[INSTRUCTIONS FOR THE TASK]
Print out the data exactly, keeping every image out of it.

[DATA FOR THIS EXERCISE]

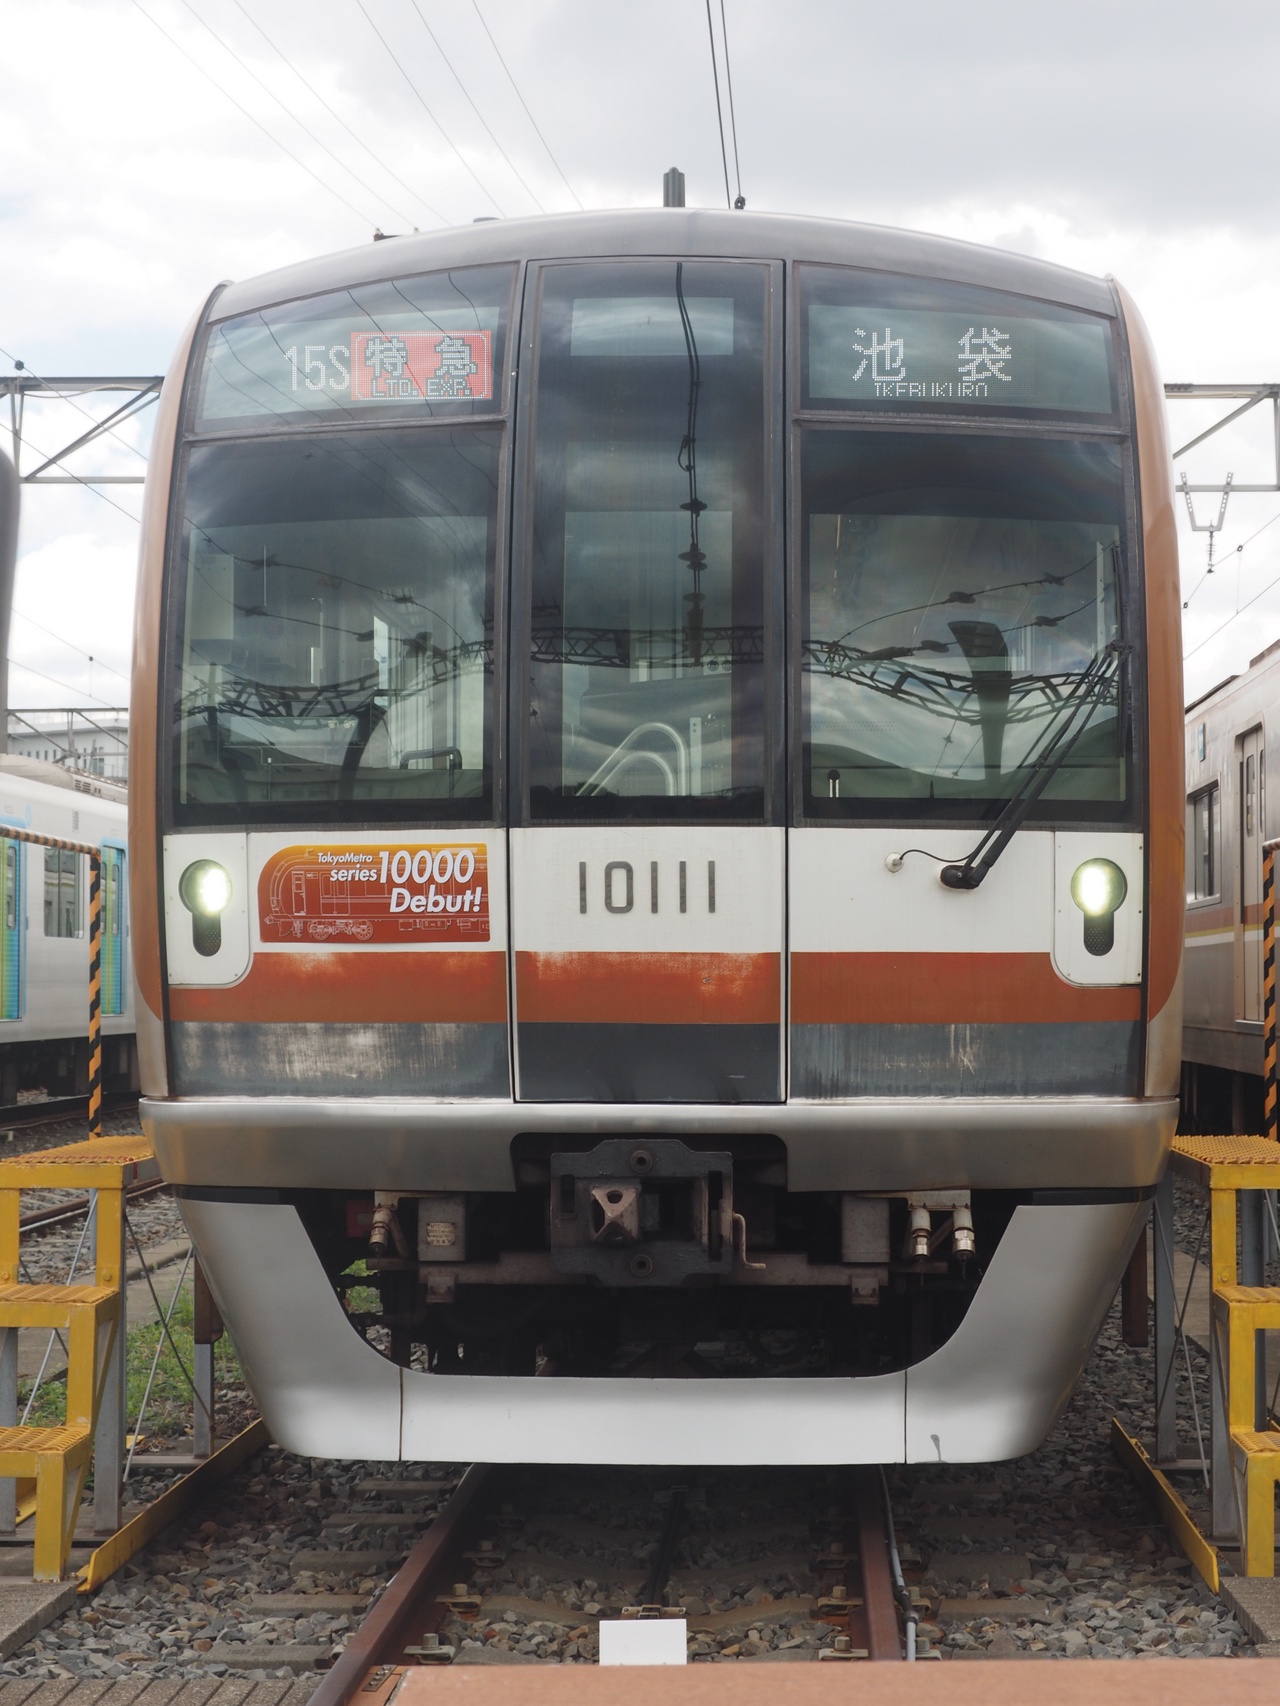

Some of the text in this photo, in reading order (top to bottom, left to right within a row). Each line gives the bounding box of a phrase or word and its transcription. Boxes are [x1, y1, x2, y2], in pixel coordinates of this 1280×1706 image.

[284, 345, 350, 391] 15S
[366, 337, 476, 376] 特急
[852, 328, 1012, 381] 池袋
[372, 378, 471, 396] LTD. EXP.
[330, 850, 475, 884] series 10000
[389, 884, 483, 913] Debut!
[579, 860, 716, 914] 10111
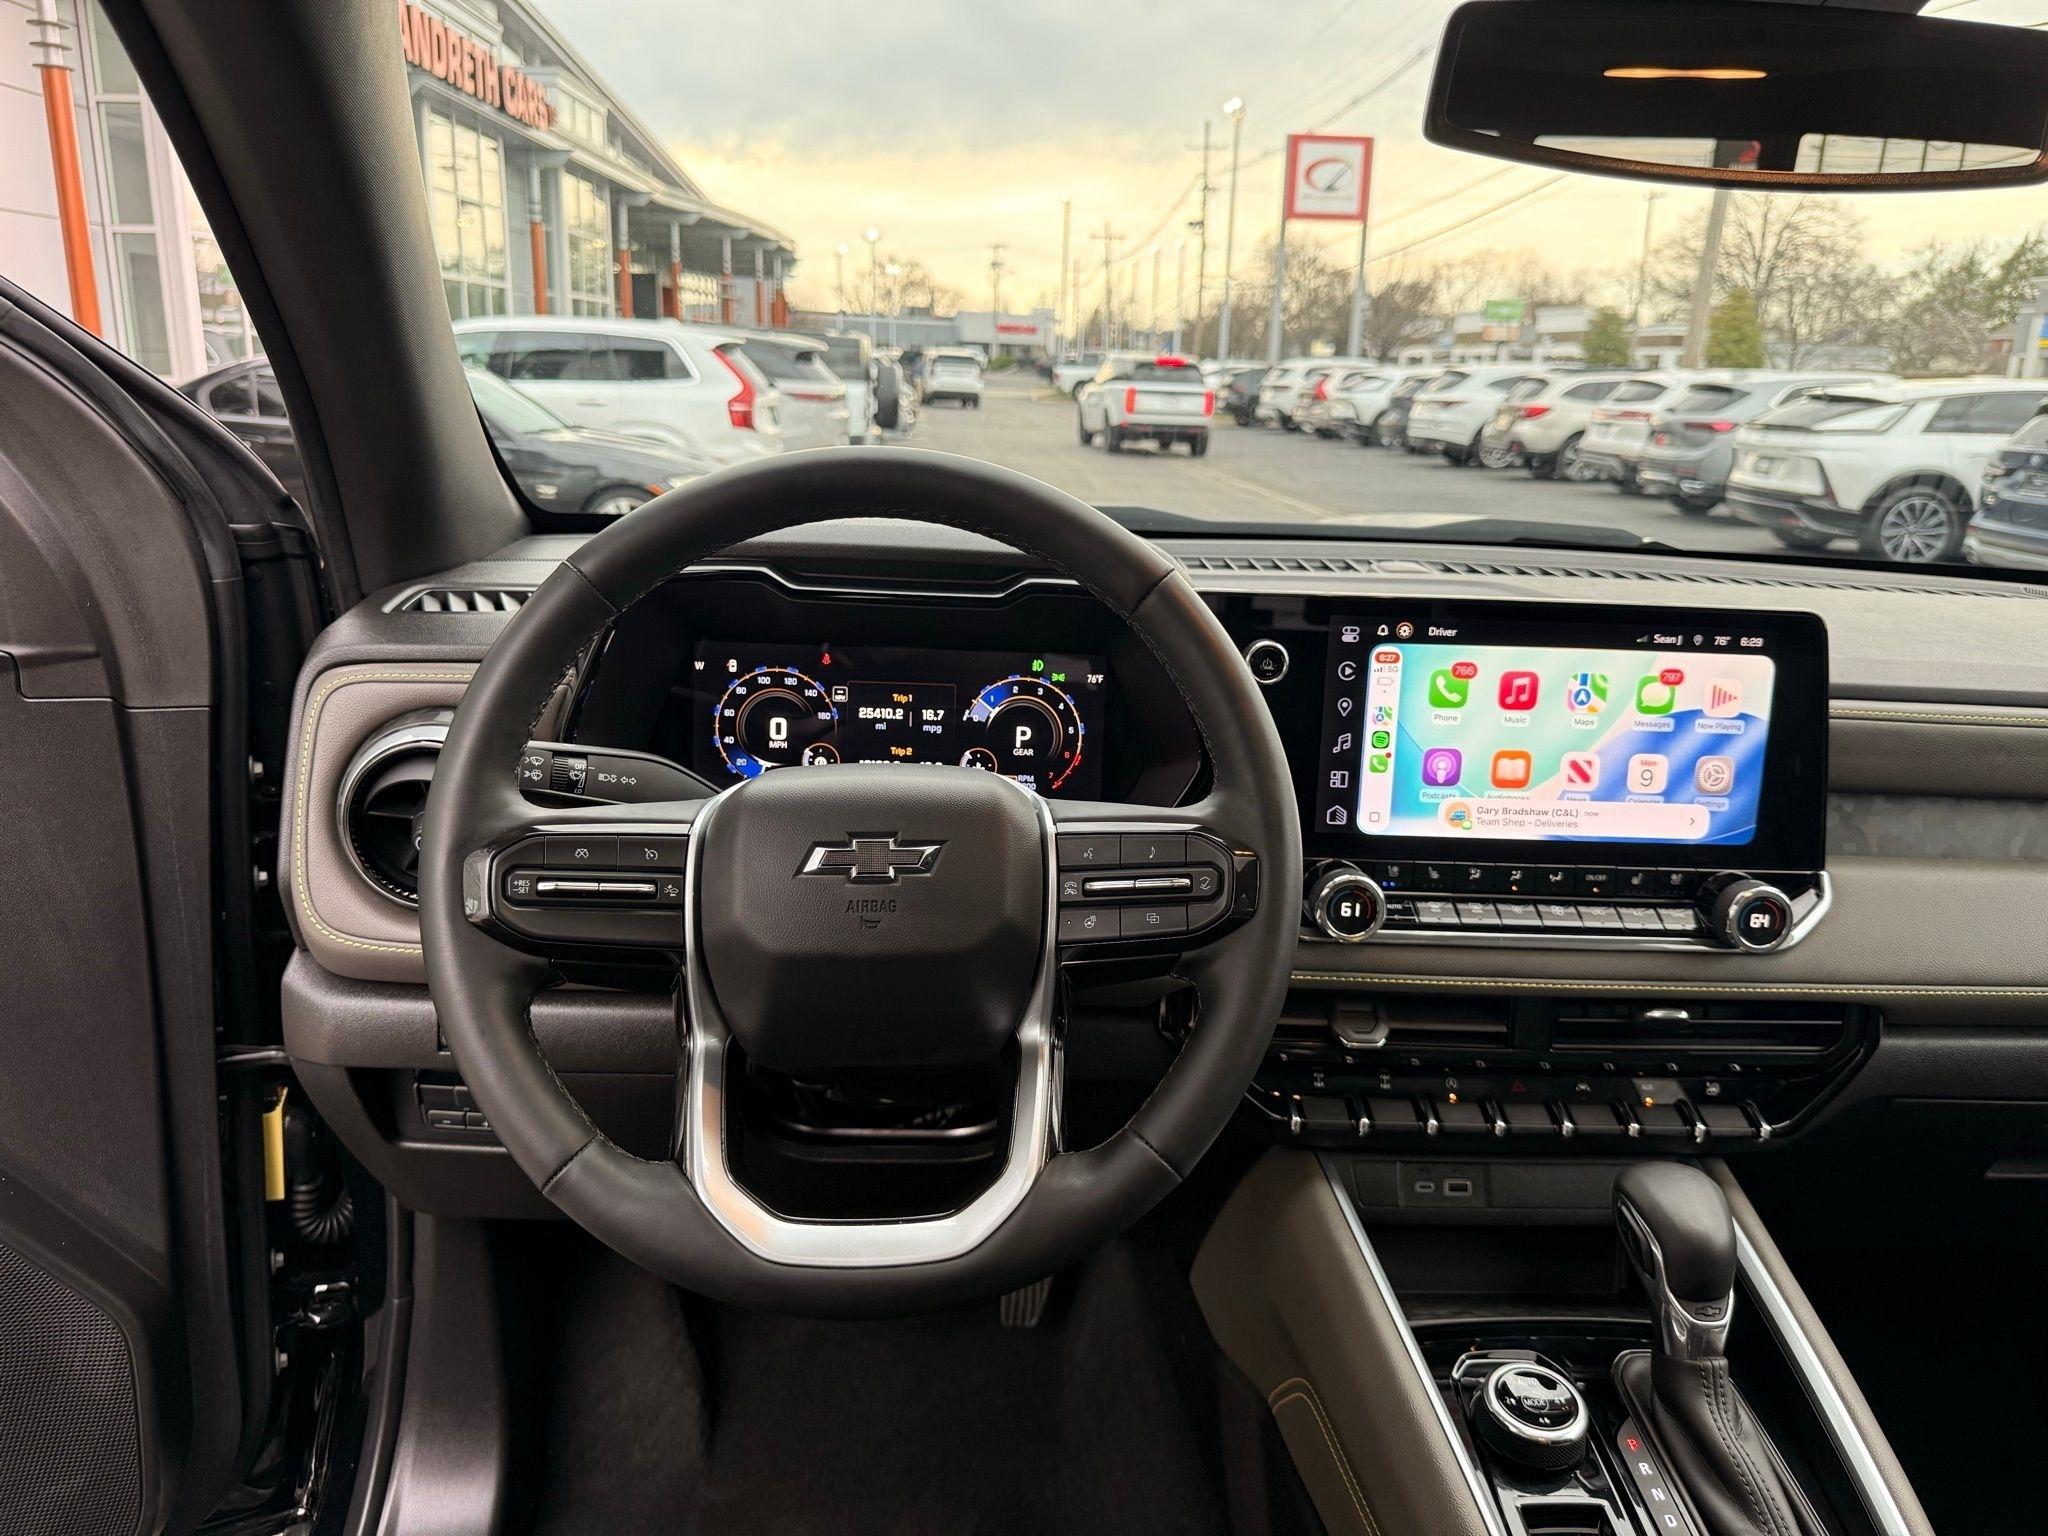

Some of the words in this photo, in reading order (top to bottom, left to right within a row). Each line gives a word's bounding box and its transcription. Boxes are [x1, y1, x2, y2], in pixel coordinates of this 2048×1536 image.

[1428, 626, 1458, 637] Driver
[1653, 634, 1676, 644] Sean
[1740, 637, 1764, 647] 6:29
[694, 661, 705, 671] W
[1387, 665, 1399, 673] 5G
[1454, 665, 1475, 675] 766
[757, 676, 771, 685] 100
[784, 677, 798, 686] 120
[736, 686, 747, 695] 80
[804, 688, 818, 698] 140
[1037, 687, 1044, 695] 3
[892, 693, 908, 704] Trip
[1058, 702, 1065, 710] 4
[723, 708, 735, 717] 60
[817, 711, 831, 720] 160
[858, 706, 904, 720] 25410.2
[921, 709, 945, 721] 16.7
[1434, 713, 1458, 722] Phone
[1504, 715, 1527, 724] Music
[1573, 717, 1596, 727] Maps
[769, 717, 787, 741] 0
[874, 721, 887, 731] mi
[922, 725, 942, 734] mpg
[1068, 726, 1075, 734] 5
[1633, 720, 1671, 730] Messages
[1697, 721, 1713, 730] Now
[1715, 722, 1742, 733] Playing
[723, 735, 735, 744] 40
[1015, 726, 1032, 748] P
[768, 740, 788, 749] MPH
[889, 746, 905, 757] Trip
[905, 747, 913, 756] 2
[735, 757, 747, 766] 20
[1640, 759, 1657, 767] Mon
[574, 763, 586, 771] OFF
[1640, 769, 1653, 787] 9
[1422, 791, 1457, 800] Podcasts
[1476, 806, 1499, 816] Gary
[1502, 807, 1549, 816] Bradshaw
[1551, 808, 1579, 818] (C&L)
[1476, 817, 1500, 826] Team
[1534, 819, 1578, 828] Deliveries
[846, 899, 897, 913] AIRBAG
[1340, 902, 1361, 917] 61
[1750, 913, 1769, 928] 64
[1523, 1399, 1547, 1407] MODE
[1626, 1438, 1638, 1452] P
[1638, 1462, 1653, 1476] R
[1651, 1488, 1665, 1501] N
[1663, 1514, 1677, 1528] D
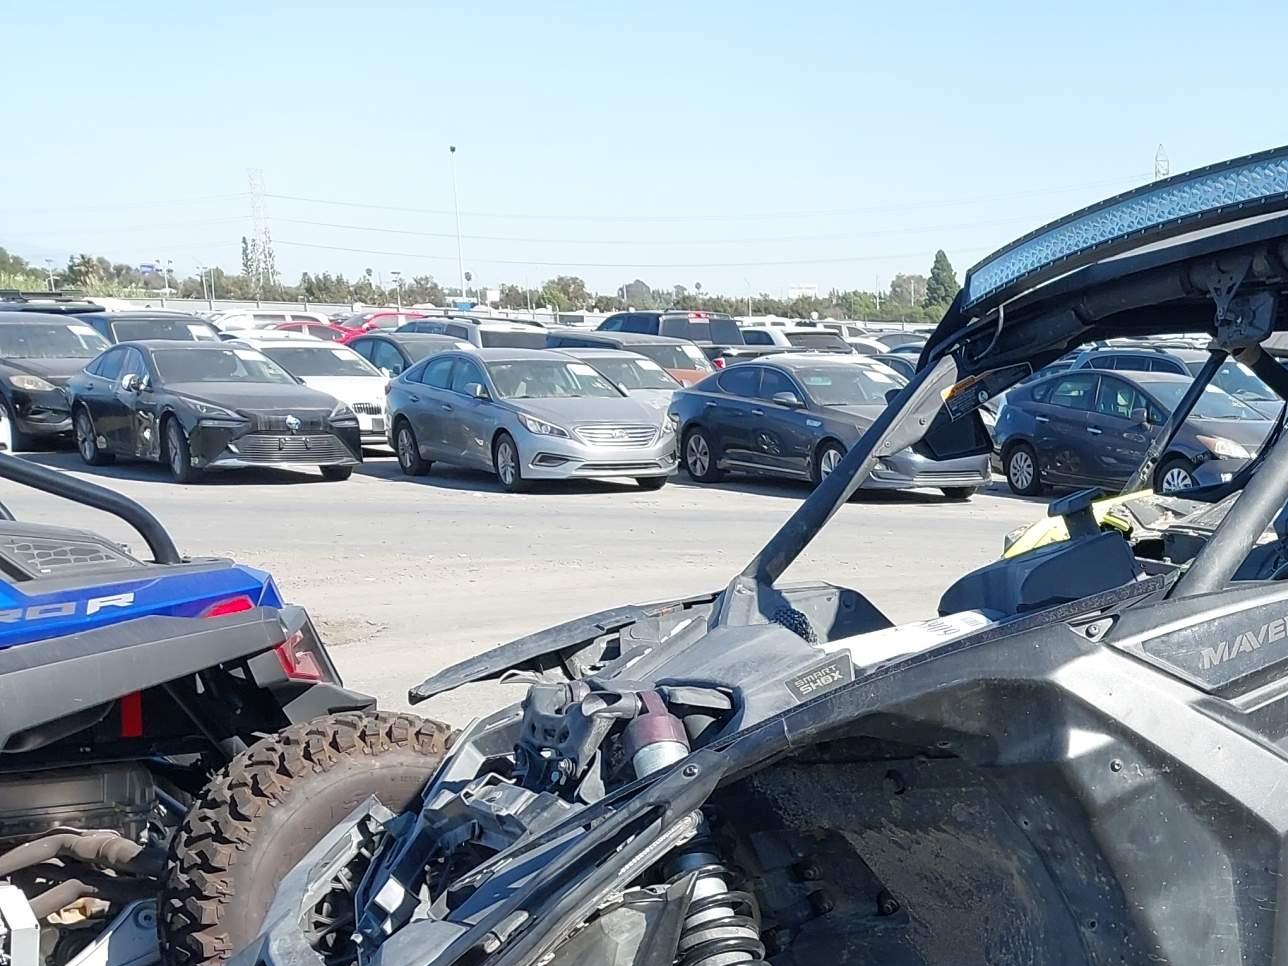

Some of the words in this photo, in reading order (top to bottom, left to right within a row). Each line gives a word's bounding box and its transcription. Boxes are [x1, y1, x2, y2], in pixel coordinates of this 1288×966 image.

[86, 592, 135, 616] R
[794, 664, 838, 688] SMART
[799, 670, 844, 695] SHOX
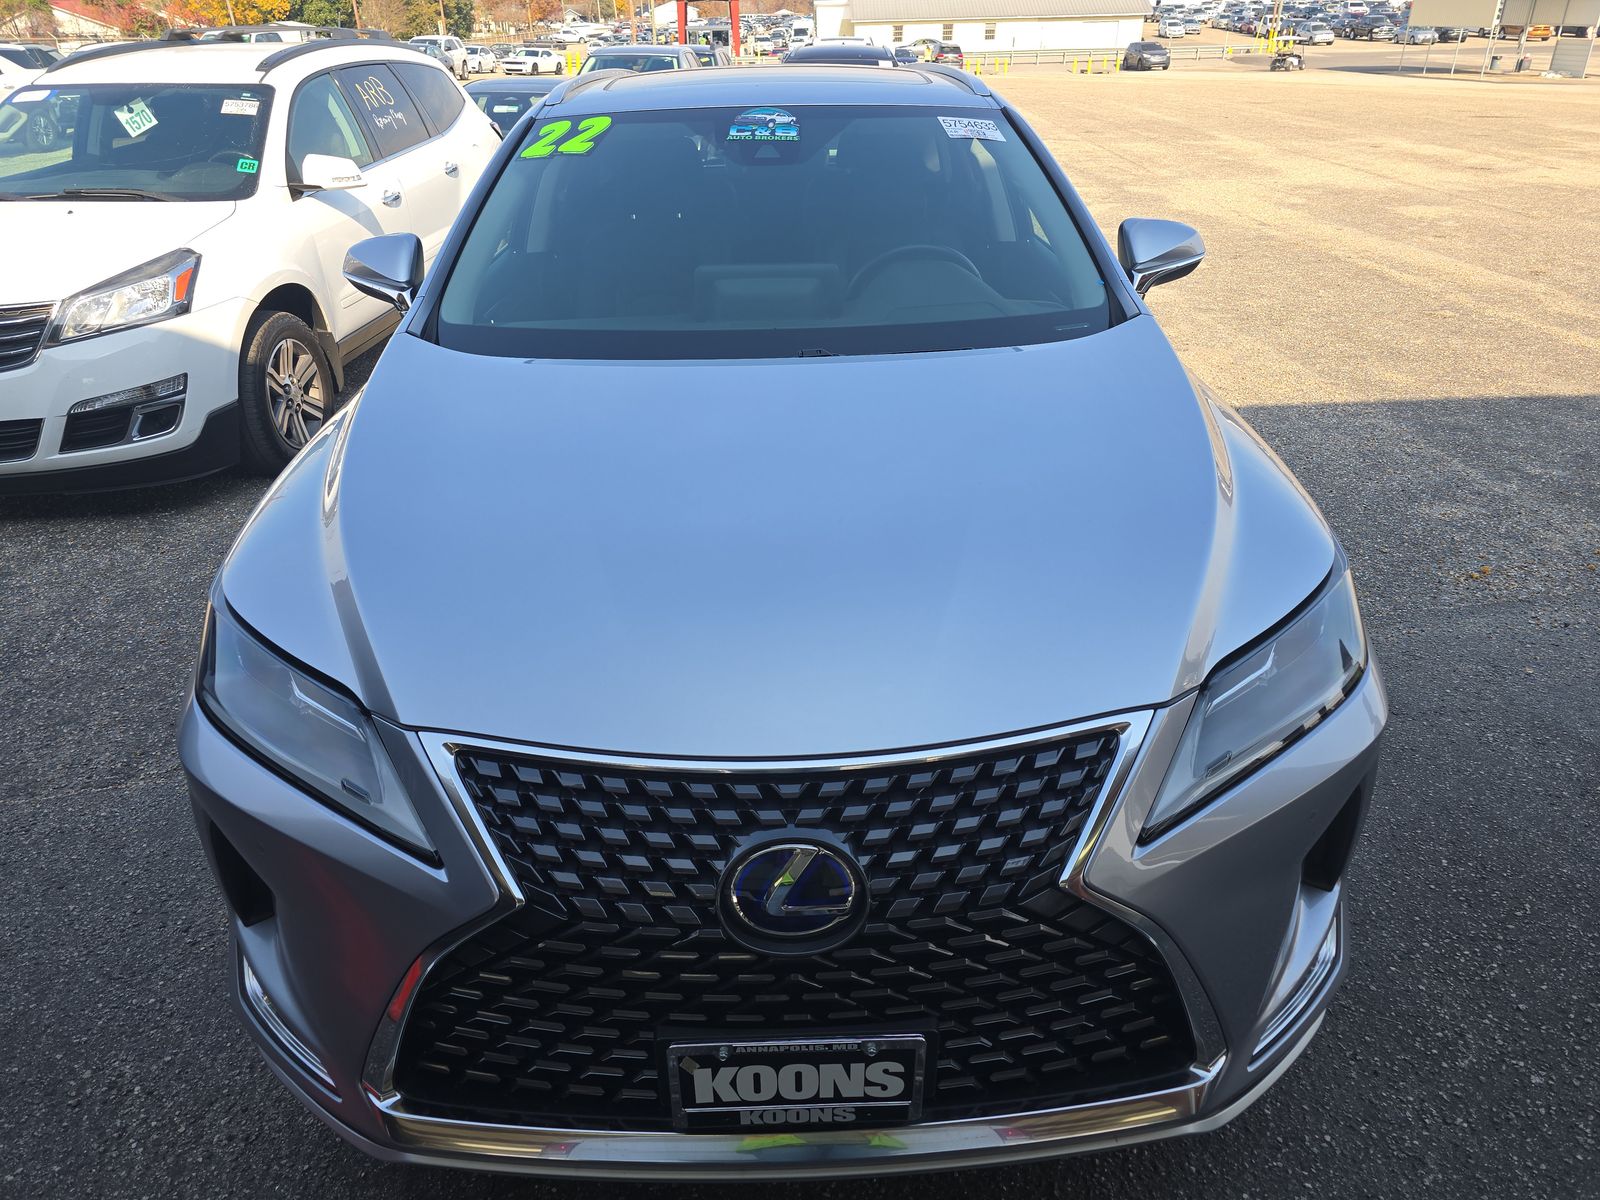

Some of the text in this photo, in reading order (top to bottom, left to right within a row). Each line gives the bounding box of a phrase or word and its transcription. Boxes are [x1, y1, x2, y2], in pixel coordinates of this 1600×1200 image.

[WRITTEN REPLY]
Some of the text in this photo, in reading order (top to bottom, left to right within a row). Each line gives the bounding box of a phrase or word and its transcription. Boxes are [x1, y1, x2, y2], in pixel coordinates of this 1280×1706 image.

[284, 345, 350, 391] 15S
[366, 337, 476, 376] 特急
[852, 328, 1012, 381] 池袋
[372, 378, 471, 396] LTD. EXP.
[330, 850, 475, 884] series 10000
[389, 884, 483, 913] Debut!
[579, 860, 716, 914] 10111

Some of the words in this photo, in reading order (top to bottom, left to right within a row). Each line gives a word's bounding box and its transcription. Boxes are [x1, y1, x2, y2], in pixel coordinates of this 2048×1536 image.

[1428, 626, 1458, 637] Driver
[1653, 634, 1676, 644] Sean
[1740, 637, 1764, 647] 6:29
[694, 661, 705, 671] W
[1387, 665, 1399, 673] 5G
[1454, 665, 1475, 675] 766
[757, 676, 771, 685] 100
[784, 677, 798, 686] 120
[736, 686, 747, 695] 80
[804, 688, 818, 698] 140
[1037, 687, 1044, 695] 3
[892, 693, 908, 704] Trip
[1058, 702, 1065, 710] 4
[723, 708, 735, 717] 60
[817, 711, 831, 720] 160
[858, 706, 904, 720] 25410.2
[921, 709, 945, 721] 16.7
[1434, 713, 1458, 722] Phone
[1504, 715, 1527, 724] Music
[1573, 717, 1596, 727] Maps
[769, 717, 787, 741] 0
[874, 721, 887, 731] mi
[922, 725, 942, 734] mpg
[1068, 726, 1075, 734] 5
[1633, 720, 1671, 730] Messages
[1697, 721, 1713, 730] Now
[1715, 722, 1742, 733] Playing
[723, 735, 735, 744] 40
[1015, 726, 1032, 748] P
[768, 740, 788, 749] MPH
[889, 746, 905, 757] Trip
[905, 747, 913, 756] 2
[735, 757, 747, 766] 20
[1640, 759, 1657, 767] Mon
[574, 763, 586, 771] OFF
[1640, 769, 1653, 787] 9
[1422, 791, 1457, 800] Podcasts
[1476, 806, 1499, 816] Gary
[1502, 807, 1549, 816] Bradshaw
[1551, 808, 1579, 818] (C&L)
[1476, 817, 1500, 826] Team
[1534, 819, 1578, 828] Deliveries
[846, 899, 897, 913] AIRBAG
[1340, 902, 1361, 917] 61
[1750, 913, 1769, 928] 64
[1523, 1399, 1547, 1407] MODE
[1626, 1438, 1638, 1452] P
[1638, 1462, 1653, 1476] R
[1651, 1488, 1665, 1501] N
[1663, 1514, 1677, 1528] D

Some of the words in this photo, in reading order (top to bottom, left to right within a row). Each line gives a word's bounding box and its transcription. Boxes are [x1, y1, x2, y2], in pixel coordinates of this 1288×966 image.

[86, 592, 135, 616] R
[794, 664, 838, 688] SMART
[799, 670, 844, 695] SHOX

Some of the text in this photo, in reading order (top to bottom, left to right within a row). Each line gives the bounding box of a phrase or word and its transcription. Boxes are [x1, y1, x2, y2], in pixel coordinates of this 1600×1200 image.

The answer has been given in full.